Having children does NOT encourage parents to eat more healthily
Couples 'may be influenced by fussy children'



10:12 GMT, 1 May 2012

Parents are known for nagging their children to eat their greens, but a new study has found they don't apply their healthy eating advice to their own plates.

Despite good intentions, researchers found that juggling schedules, pressure on family finances and fussy children can all stop couples from improving their diets.

Parents may not improve their diets as they are influenced by fussy children

Parents may not improve their diets as they are influenced by fussy children

Study author Dr Helena Laroche from the Univerty of Iowa, said: ' We found that parenthood does not have
unfavorable effects on parent's diets but neither does it lead to
significant improvements compared to non-parents, as health
practitioners would hope.

'In fact, parents lag behind their
childless counterparts in decreasing their intake of saturated fat, and
their overall diet remains poor.'

The study evaluated the diets of 2,563 adults enrolled in a study to identify the development of coronary risk factors in young adults. The study measured the dietary change from the first year, 1985-1986, to year seven (1992-1993). None of the subjects had children in the home at the baseline year.

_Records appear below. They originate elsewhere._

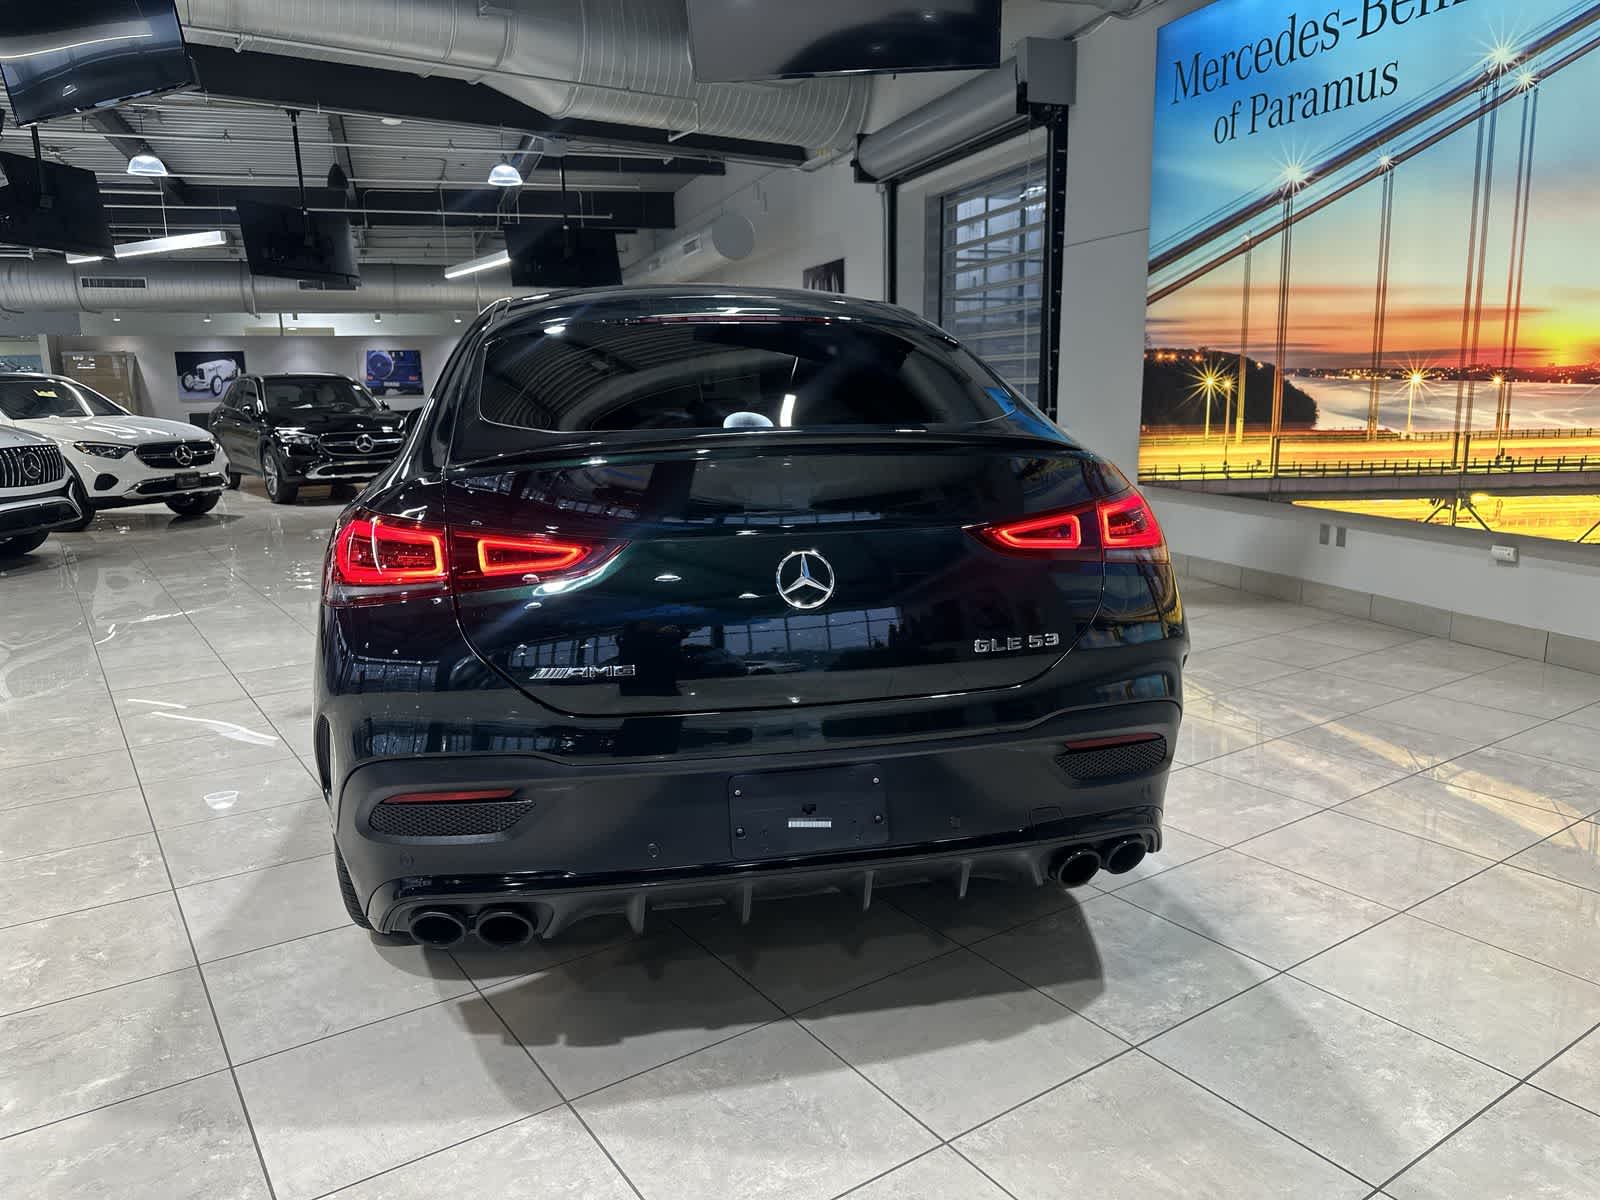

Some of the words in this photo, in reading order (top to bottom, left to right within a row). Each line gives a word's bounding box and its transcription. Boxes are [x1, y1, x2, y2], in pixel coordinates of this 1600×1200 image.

[1171, 0, 1468, 104] Mercedes-Be
[1214, 100, 1242, 144] of
[1248, 60, 1399, 135] Paramus
[974, 637, 1022, 653] GLE
[1028, 632, 1060, 648] 53
[563, 664, 636, 679] AMG
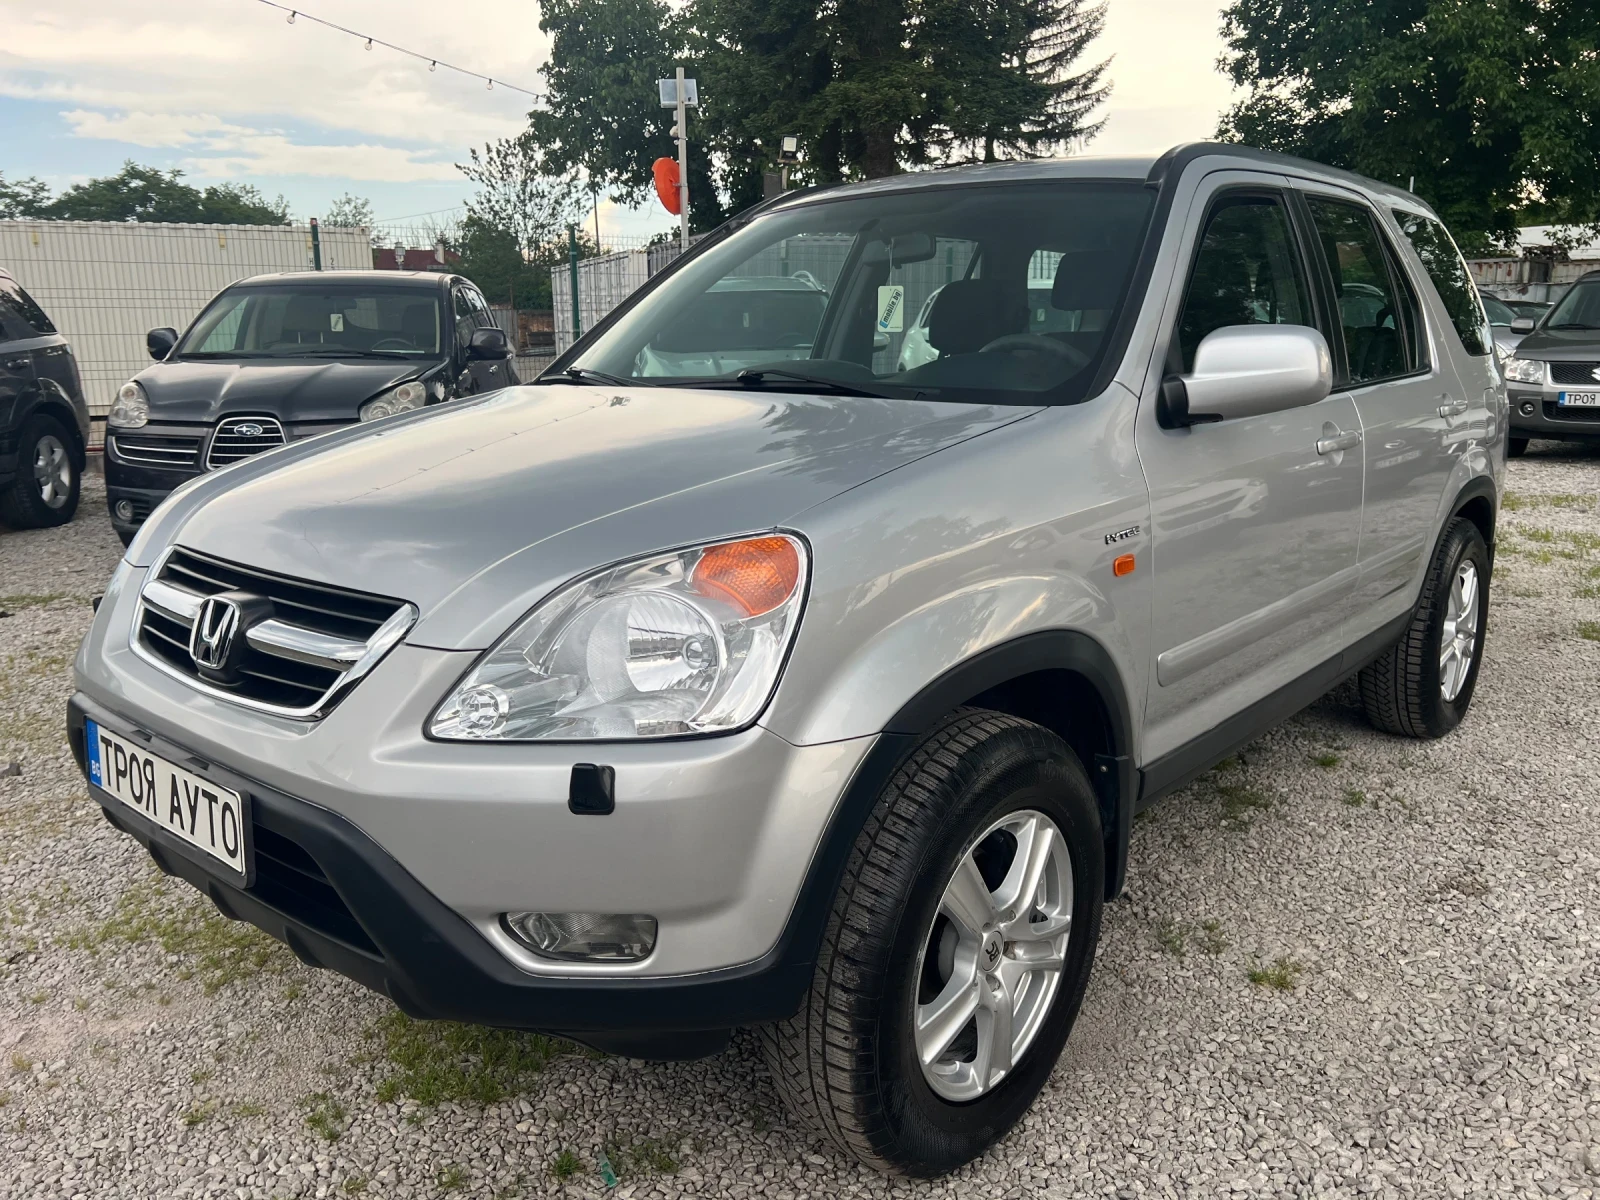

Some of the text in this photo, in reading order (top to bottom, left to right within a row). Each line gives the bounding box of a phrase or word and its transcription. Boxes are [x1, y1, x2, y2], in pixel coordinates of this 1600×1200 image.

[1567, 394, 1596, 404] ТРОЯ
[91, 760, 100, 777] BG
[100, 735, 239, 859] ТРОЯ АУТО

Researchers found that percent saturated fat decreased among both groups, but parents showed a smaller decrease of 1.6 per cent compared to 2.1 per cent for non-parents.

There were no statistically significant differences in change in caloric, fruit and vegetable, sugar sweetened beverage, or fast food intakes.

Parents decreased their saturated fat intake by 1.6% compared to 2.1% lower intake by non-parents.

'A variety of factors may explain this,' said Dr Laroche.

'Finding foods that children like and request has been described by parents as one of the major factors influencing purchasing decisions. Given that marketing strategies to US children focus on high fat, high sugar foods, these requests are often for less healthy foods.'

Dr Laroche concluded further study was needed, but education could be key.

'The transition to parenthood may be a teachable moment for dieticians and health practitioners to educate adults not only on child nutrition or nutrition for pregnancy, but on changing diet patterns for the whole family as well,' she said.

The research is published online today in the Journal of the Academy of Nutrition and Dietetics.